=== DATA SHOWN ===

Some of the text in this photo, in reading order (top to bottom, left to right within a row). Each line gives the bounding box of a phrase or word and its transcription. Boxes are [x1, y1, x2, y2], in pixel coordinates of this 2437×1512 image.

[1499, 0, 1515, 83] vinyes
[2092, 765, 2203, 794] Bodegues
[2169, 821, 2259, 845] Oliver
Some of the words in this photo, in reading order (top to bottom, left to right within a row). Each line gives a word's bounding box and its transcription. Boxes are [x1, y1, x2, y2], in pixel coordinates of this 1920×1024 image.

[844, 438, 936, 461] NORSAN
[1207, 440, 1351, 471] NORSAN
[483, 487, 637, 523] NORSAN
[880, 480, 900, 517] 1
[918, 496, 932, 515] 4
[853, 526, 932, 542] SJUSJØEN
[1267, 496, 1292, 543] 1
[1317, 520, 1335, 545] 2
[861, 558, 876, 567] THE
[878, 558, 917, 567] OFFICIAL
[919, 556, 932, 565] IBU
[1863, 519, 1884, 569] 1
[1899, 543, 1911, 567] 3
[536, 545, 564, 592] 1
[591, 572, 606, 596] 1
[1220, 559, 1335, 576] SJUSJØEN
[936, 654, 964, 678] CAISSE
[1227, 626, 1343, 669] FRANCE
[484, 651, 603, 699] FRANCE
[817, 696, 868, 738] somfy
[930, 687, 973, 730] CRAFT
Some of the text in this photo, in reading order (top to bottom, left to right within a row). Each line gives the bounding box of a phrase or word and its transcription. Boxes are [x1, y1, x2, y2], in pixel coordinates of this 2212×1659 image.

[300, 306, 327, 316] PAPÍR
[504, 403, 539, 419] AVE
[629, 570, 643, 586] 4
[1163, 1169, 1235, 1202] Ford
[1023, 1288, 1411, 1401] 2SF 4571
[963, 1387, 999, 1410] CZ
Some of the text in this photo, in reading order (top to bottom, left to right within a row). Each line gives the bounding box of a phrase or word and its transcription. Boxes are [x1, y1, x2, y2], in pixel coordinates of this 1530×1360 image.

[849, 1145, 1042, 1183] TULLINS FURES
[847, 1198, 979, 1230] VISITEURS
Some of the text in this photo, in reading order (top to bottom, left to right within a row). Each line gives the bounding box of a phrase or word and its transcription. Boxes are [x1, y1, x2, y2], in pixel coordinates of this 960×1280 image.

===

WORK INSTRUCTIONS:
Once the listing has been read, copy every line of it exactly.

TASK ANSWER:
Some of the text in this photo, in reading order (top to bottom, left to right within a row). Each line gives the bounding box of a phrase or word and its transcription. Boxes are [x1, y1, x2, y2], in pixel coordinates of this 2437×1512 image.

[1499, 0, 1515, 83] vinyes
[2092, 765, 2203, 794] Bodegues
[2169, 821, 2259, 845] Oliver
Some of the words in this photo, in reading order (top to bottom, left to right within a row). Each line gives a word's bounding box and its transcription. Boxes are [x1, y1, x2, y2], in pixel coordinates of this 1920×1024 image.

[844, 438, 936, 461] NORSAN
[1207, 440, 1351, 471] NORSAN
[483, 487, 637, 523] NORSAN
[880, 480, 900, 517] 1
[918, 496, 932, 515] 4
[853, 526, 932, 542] SJUSJØEN
[1267, 496, 1292, 543] 1
[1317, 520, 1335, 545] 2
[861, 558, 876, 567] THE
[878, 558, 917, 567] OFFICIAL
[919, 556, 932, 565] IBU
[1863, 519, 1884, 569] 1
[1899, 543, 1911, 567] 3
[536, 545, 564, 592] 1
[591, 572, 606, 596] 1
[1220, 559, 1335, 576] SJUSJØEN
[936, 654, 964, 678] CAISSE
[1227, 626, 1343, 669] FRANCE
[484, 651, 603, 699] FRANCE
[817, 696, 868, 738] somfy
[930, 687, 973, 730] CRAFT
Some of the text in this photo, in reading order (top to bottom, left to right within a row). Each line gives the bounding box of a phrase or word and its transcription. Boxes are [x1, y1, x2, y2], in pixel coordinates of this 2212×1659 image.

[300, 306, 327, 316] PAPÍR
[504, 403, 539, 419] AVE
[629, 570, 643, 586] 4
[1163, 1169, 1235, 1202] Ford
[1023, 1288, 1411, 1401] 2SF 4571
[963, 1387, 999, 1410] CZ
Some of the text in this photo, in reading order (top to bottom, left to right within a row). Each line gives the bounding box of a phrase or word and its transcription. Boxes are [x1, y1, x2, y2], in pixel coordinates of this 1530×1360 image.

[849, 1145, 1042, 1183] TULLINS FURES
[847, 1198, 979, 1230] VISITEURS
Some of the text in this photo, in reading order (top to bottom, left to right within a row). Each line gives the bounding box of a phrase or word and its transcription. Boxes are [x1, y1, x2, y2], in pixel coordinates of this 960×1280 image.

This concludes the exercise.